Have you seen Primer? I watched it just before I moved, and I have to say, my initially bad feeling washed away as I suddenly got the movie, understood what it was about, and followed it happily to its conclusion.
The thing is, it’s SF. It’s also deadly quiet, deadly calm, slow, and very geeky. Spooky and geeky. It’s spooky because it seems to me it’s realistic in a way that isn’t common in SF. It brings to mind the comments from Ritu’s LJ which I bookmarked on my other computer, where she linked to this essay by Pam Noles at the Infinite Matrix. The essay is titled “Shame”, and it’s very much worth a read.
I’ll pause here while you go read it in its entirety. Really, go ahead. I’ll still be here when you get back.
Now, then, that’s a fascinating essay. There are several cans of worms opened up by Noles’ essay, and the most important one — the issue of race in SF — is perhaps only tangentially linked to Primer — or maybe not. I don’t think Noles would necessarily take issue with the fact that of the four guys working together (or apart) in a garage lab, three of them happen to be white and one, apparently of Indian descent. (I can’t be sure, but it fits the American engineer stereotype.)
What’s more interesting to me in terms of Primer is that none of these guys is incredibly charming. None of them is excessively muscular, or outstandingly charismatic. In fact, they’re all sort of chewed-down, recessed-away geeks. They’re all just a little too quiet, a little too quick with the numbers, a little calculating and nerdy.

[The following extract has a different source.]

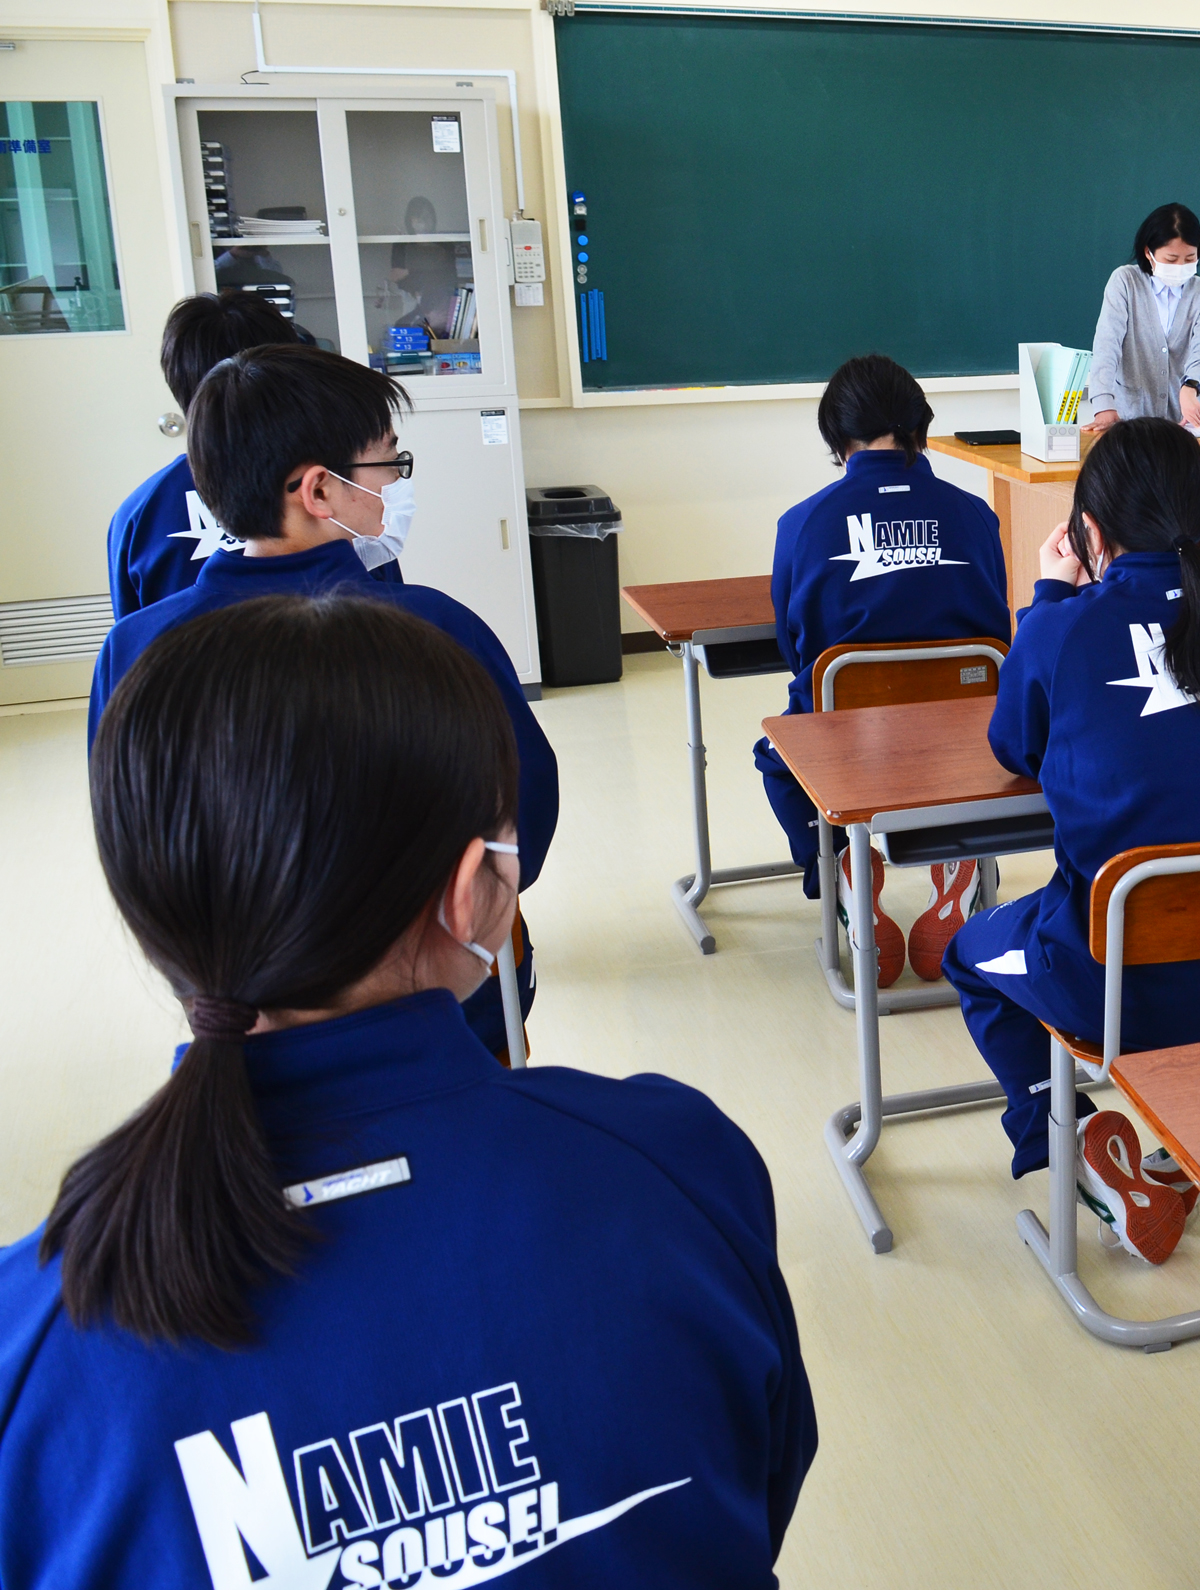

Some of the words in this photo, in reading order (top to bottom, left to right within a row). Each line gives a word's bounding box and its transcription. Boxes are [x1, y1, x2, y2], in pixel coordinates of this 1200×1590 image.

[847, 513, 939, 553] NAMIE
[882, 547, 942, 567] SOUSE!
[174, 1381, 541, 1588] NAMIE

And really, if you think about it, if Time Travel were something that could be invented by one or two people in isolation, what other kind of person do you think would invent it? Look at the cover of SF novels: you see a lot of cleavage, a lot of handsome Buck-Rogersy type spaceship captains, a lot more Captain Kirk than Bones. And puts Bones aside — he’s high in rank because he’s also got charisma and pull — the real techies are redshirts. When he’s offscreen, Bones is dictating deadlines to his underlings, telling them that they need to Transposon Ultraphase Processor back online in the next 20 cycles, or else. (If you can’t tell, I don’t care for Star Trek. Some of the lingo will be off, but I think I get the tone right.) This is because Star Trek — the original TV series, I mean — represents, ultimately, a thoroughly American conception of the future. Only a handsome, sexy man could be captain; only an alien could be so coldly logical as to be the ship’s authority on science.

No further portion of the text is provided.